The plane looked like it had potential. The high aspect ratio wings are promising. The flat airfoil is not good. I decided to put camber in the wing. This includes cambering the wing slots in the fuselage sides. In early flight tests I found that the fin was too big, it produced a spiral dive. I reduced the fin and strake to 80% of the original size. Dave confirmed that he also reduced the fin size for the same reason. Sheet balsa construction is considerably heavier than stick and tissue. One advantage of heavy airplanes is they are less likely to get lost flying from small parks. It is always safer to fly in a large, open area. It flew quite well. Any kid would be pleased with it.

Plans and Patterns

I started by scaling Dave’s tracings to get the 17 1/2″ flat wingspan when printed. I made a set of cardboard patterns from a cake box to guide the razor blade in cutting out the parts.

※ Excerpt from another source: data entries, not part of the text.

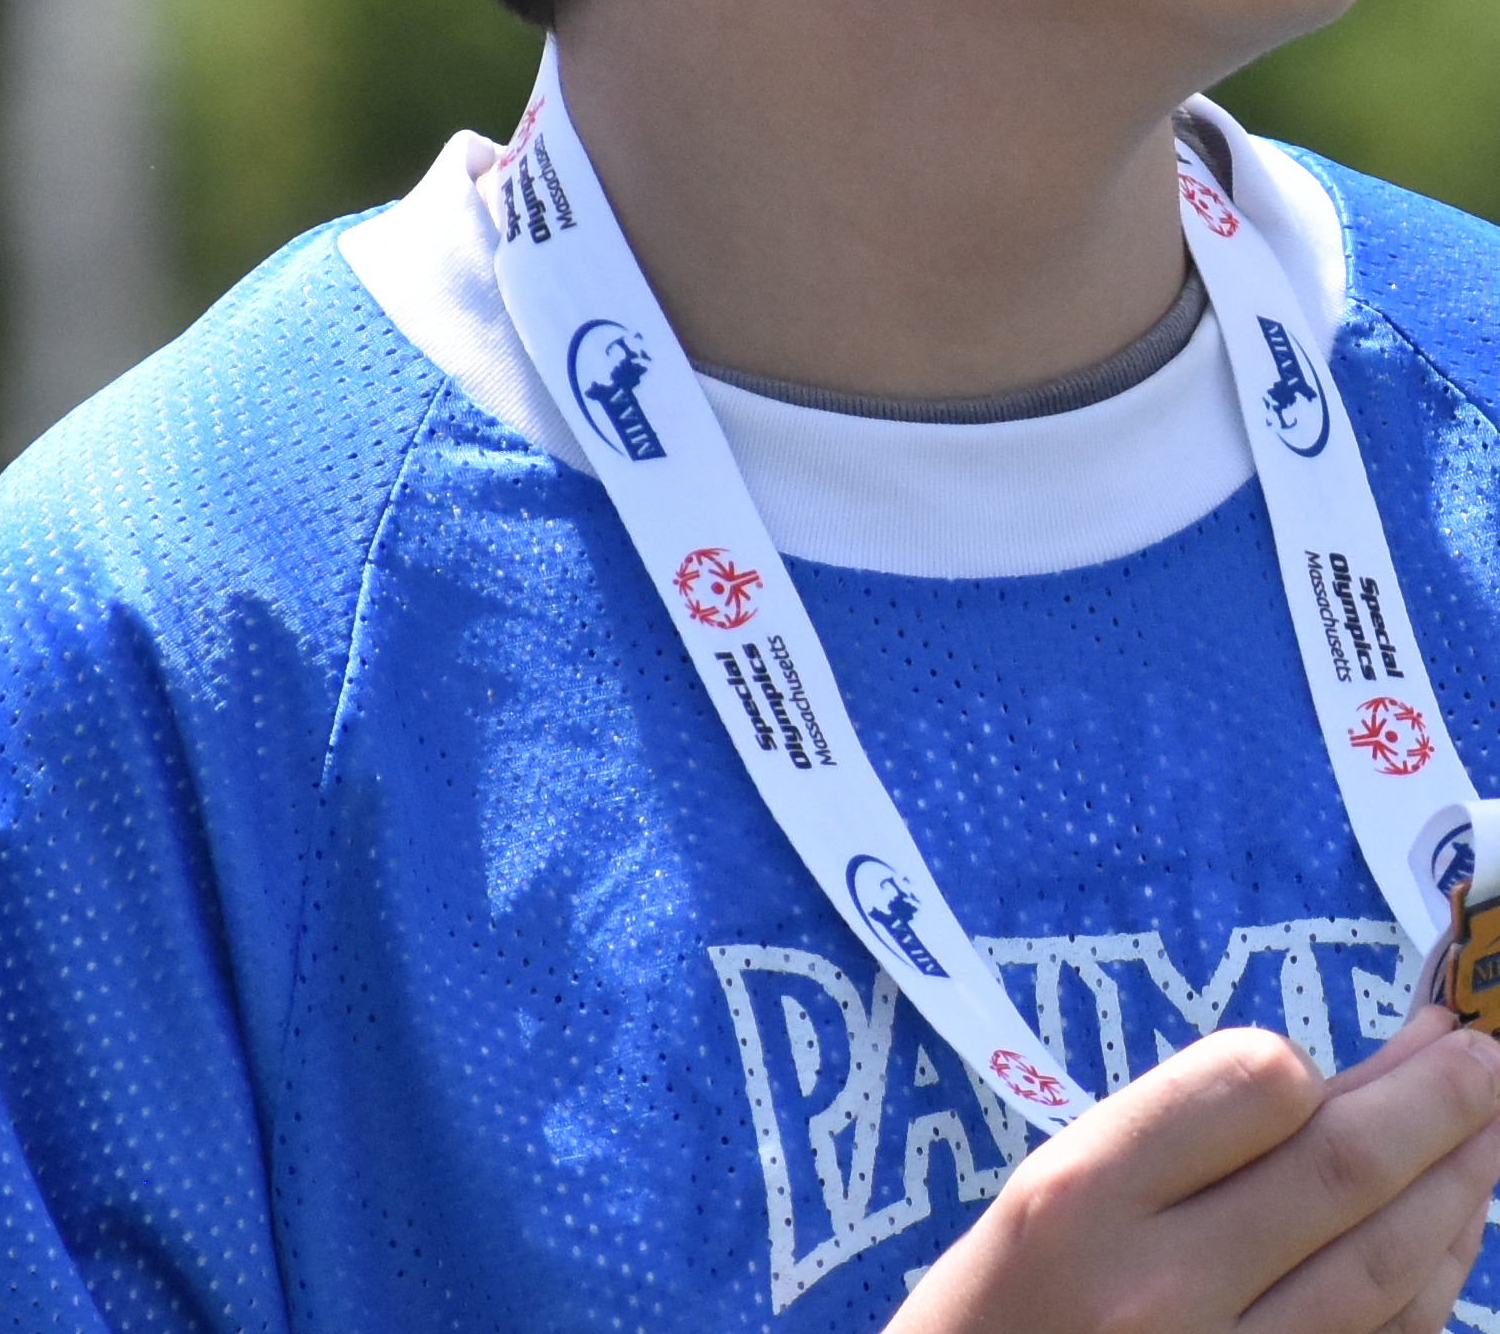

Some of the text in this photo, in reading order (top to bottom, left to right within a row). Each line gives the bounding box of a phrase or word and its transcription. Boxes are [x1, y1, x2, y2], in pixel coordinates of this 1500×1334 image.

[1265, 323, 1299, 386] MIAA
[609, 387, 656, 457] MIAA
[1304, 550, 1352, 683] Massachusetts
[1329, 552, 1377, 681] Olympics
[1359, 576, 1404, 679] Special
[714, 651, 778, 751] Special
[742, 642, 813, 769] Olympics
[766, 635, 837, 766] Massachusetts
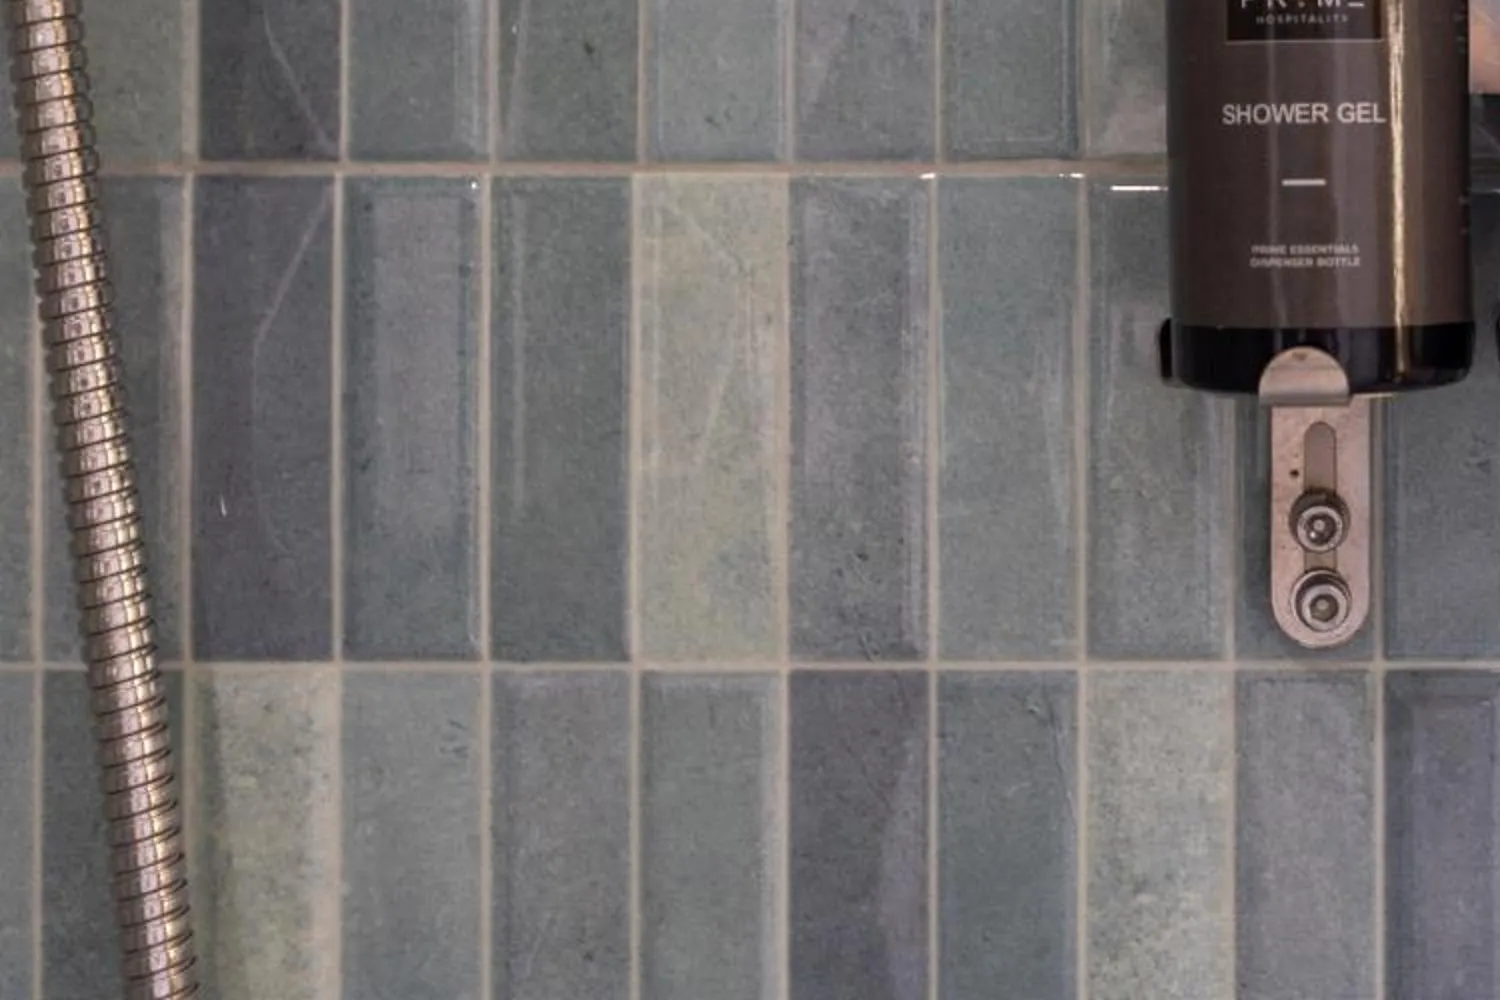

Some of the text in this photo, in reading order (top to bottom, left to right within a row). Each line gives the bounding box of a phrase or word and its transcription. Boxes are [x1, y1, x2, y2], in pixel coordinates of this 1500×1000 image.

[1256, 14, 1349, 25] HOSPITALITY
[1222, 102, 1387, 125] SHOWER GEL
[1316, 256, 1361, 268] BOTTLE

I traced these cardboard templates onto paper to make patterns you can use to make your own templates. Copy and save, print to a scale so that the wing half is 8 3/4″. Place them over a piece of cardboard from something like a cereal box and transfer the patterns by poking through the trace with a pin. Poke the holes just inside the pencil lines, pencil the outlines onto the cardboard and cut out with razor and scissors. These include the cambered wing slot, reduced fin and strake and a pattern for the 1/32″ landing gear wire. I modified the landing gear wire to fit into a slot under the fuselage, as will be explained later.

Building the Airplane

Sheet Parts

I cut the sheet parts from 1/16″ sheet balsa of 7# density. (A 1/16″ x 3″ x 36″ sheet of that density will weigh 12.4 grams.) I found 7# balsa to be adequate. This is not going to be an indoor duration plane, so no need to use the lightest wood. Using super light wood would require a correspondingly light prop. It already balances well without any ballast. Minor adjustments can be made with motor weight; a heavier (plastic) prop will probably require a heavier motor anyway.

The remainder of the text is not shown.